■ **PROBLEM TO SOLVE**
Would you reproduce every record exactly, leaving out the pictures?

[Free-text object descriptions]
***
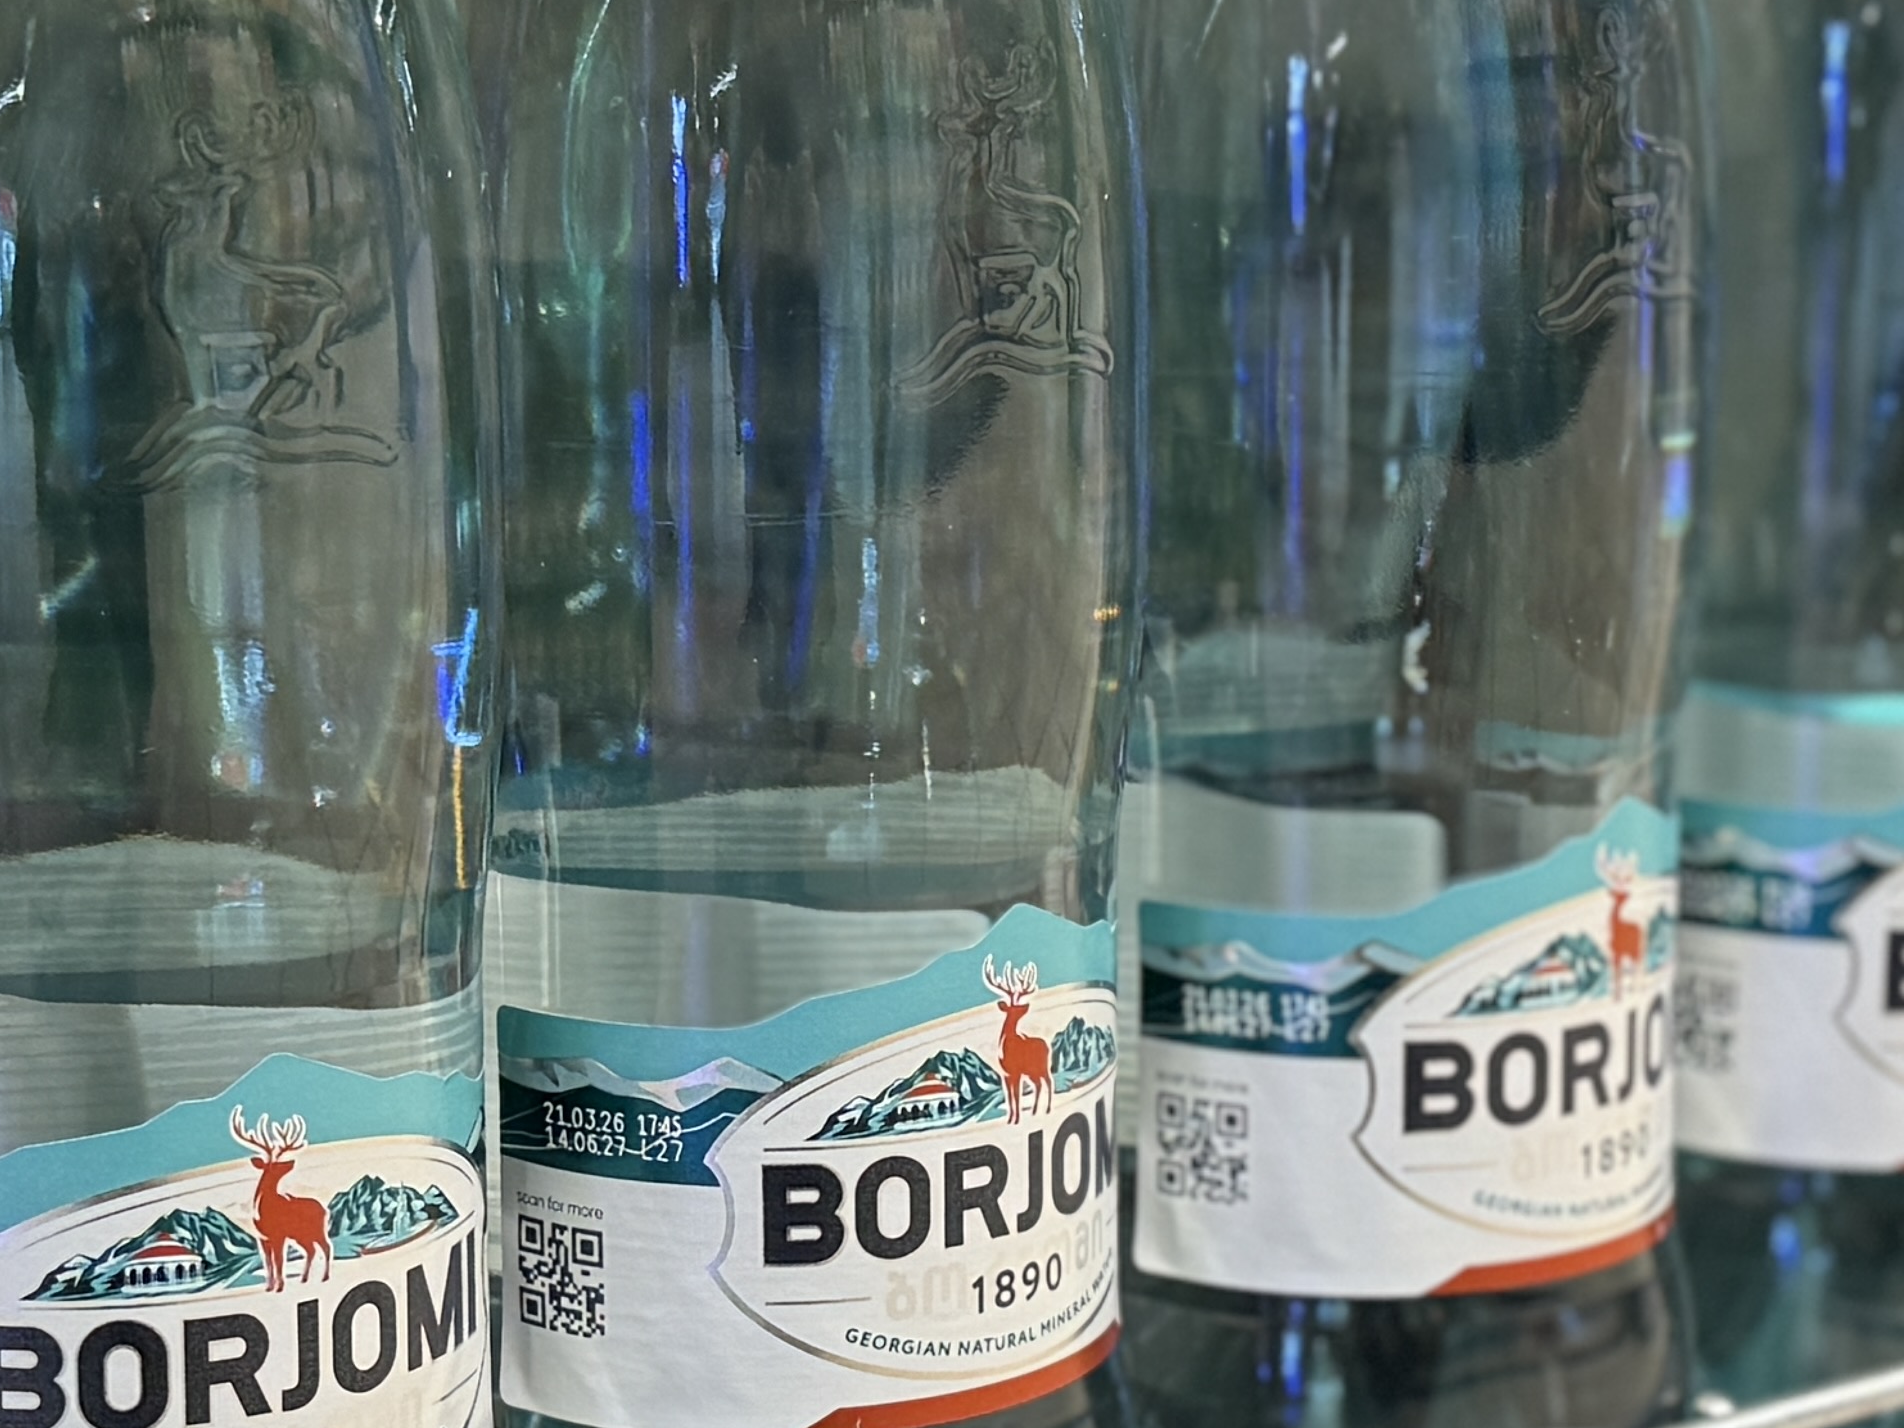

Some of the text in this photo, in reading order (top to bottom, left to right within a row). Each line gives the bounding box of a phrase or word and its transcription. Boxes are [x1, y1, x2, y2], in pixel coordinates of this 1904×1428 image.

[1403, 995, 1666, 1134] BORJO
[543, 1101, 625, 1133] 21.03.26
[545, 1125, 684, 1163] 14.06.27 L27
[567, 1202, 604, 1221] more
[762, 1095, 1116, 1268] BORJOM
[971, 1252, 1062, 1315] 1890
[845, 1327, 952, 1357] GEORGIAN
[957, 1326, 1037, 1357] NATURAL
[1040, 1288, 1092, 1338] MINERAL
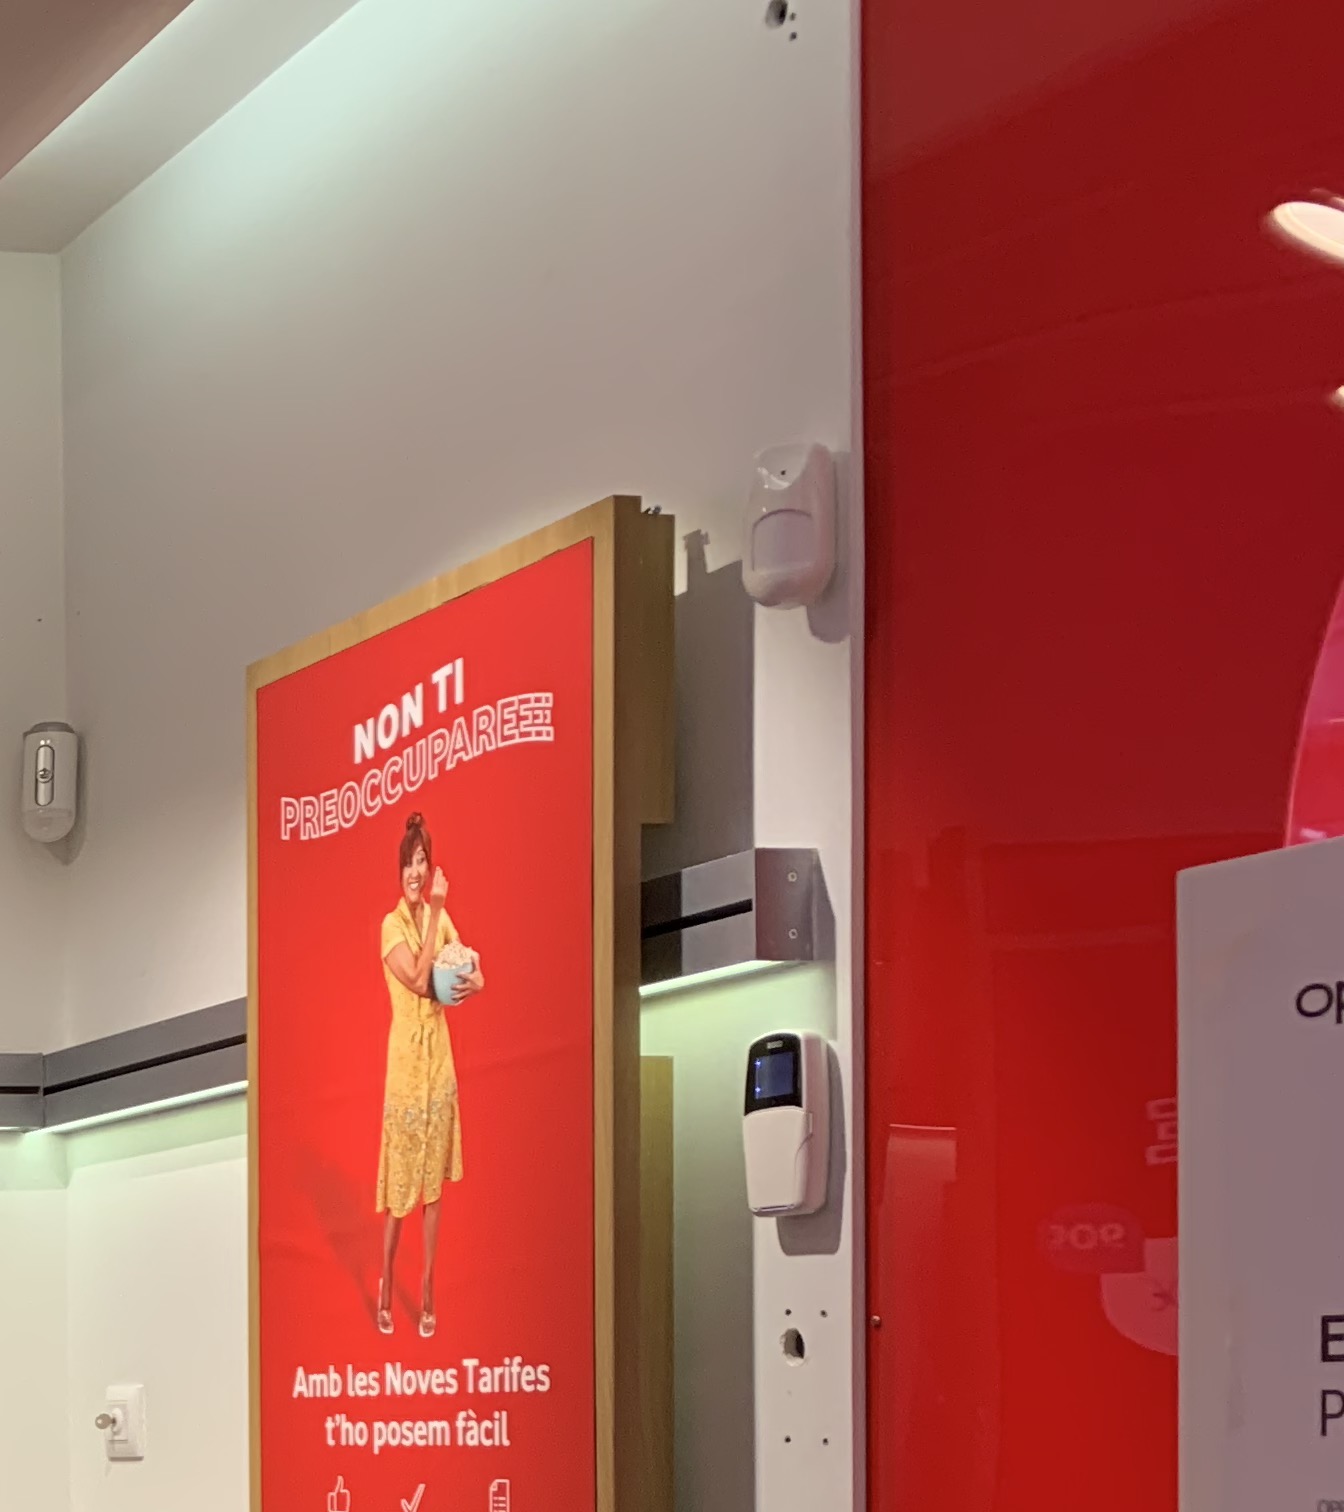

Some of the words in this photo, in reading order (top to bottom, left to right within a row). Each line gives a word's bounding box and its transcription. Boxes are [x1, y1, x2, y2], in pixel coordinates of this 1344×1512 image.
***
■ **ANSWER BOX**
Some of the text in this photo, in reading order (top to bottom, left to right within a row). Each line gives the bounding box of a phrase or word and its transcription. Boxes are [x1, y1, x2, y2], in pixel coordinates of this 1904×1428 image.

[1403, 995, 1666, 1134] BORJO
[543, 1101, 625, 1133] 21.03.26
[545, 1125, 684, 1163] 14.06.27 L27
[567, 1202, 604, 1221] more
[762, 1095, 1116, 1268] BORJOM
[971, 1252, 1062, 1315] 1890
[845, 1327, 952, 1357] GEORGIAN
[957, 1326, 1037, 1357] NATURAL
[1040, 1288, 1092, 1338] MINERAL

Some of the words in this photo, in reading order (top to bottom, left to right within a row). Each line gives a word's bounding box and its transcription. Boxes are [x1, y1, x2, y2], in pixel coordinates of this 1344×1512 image.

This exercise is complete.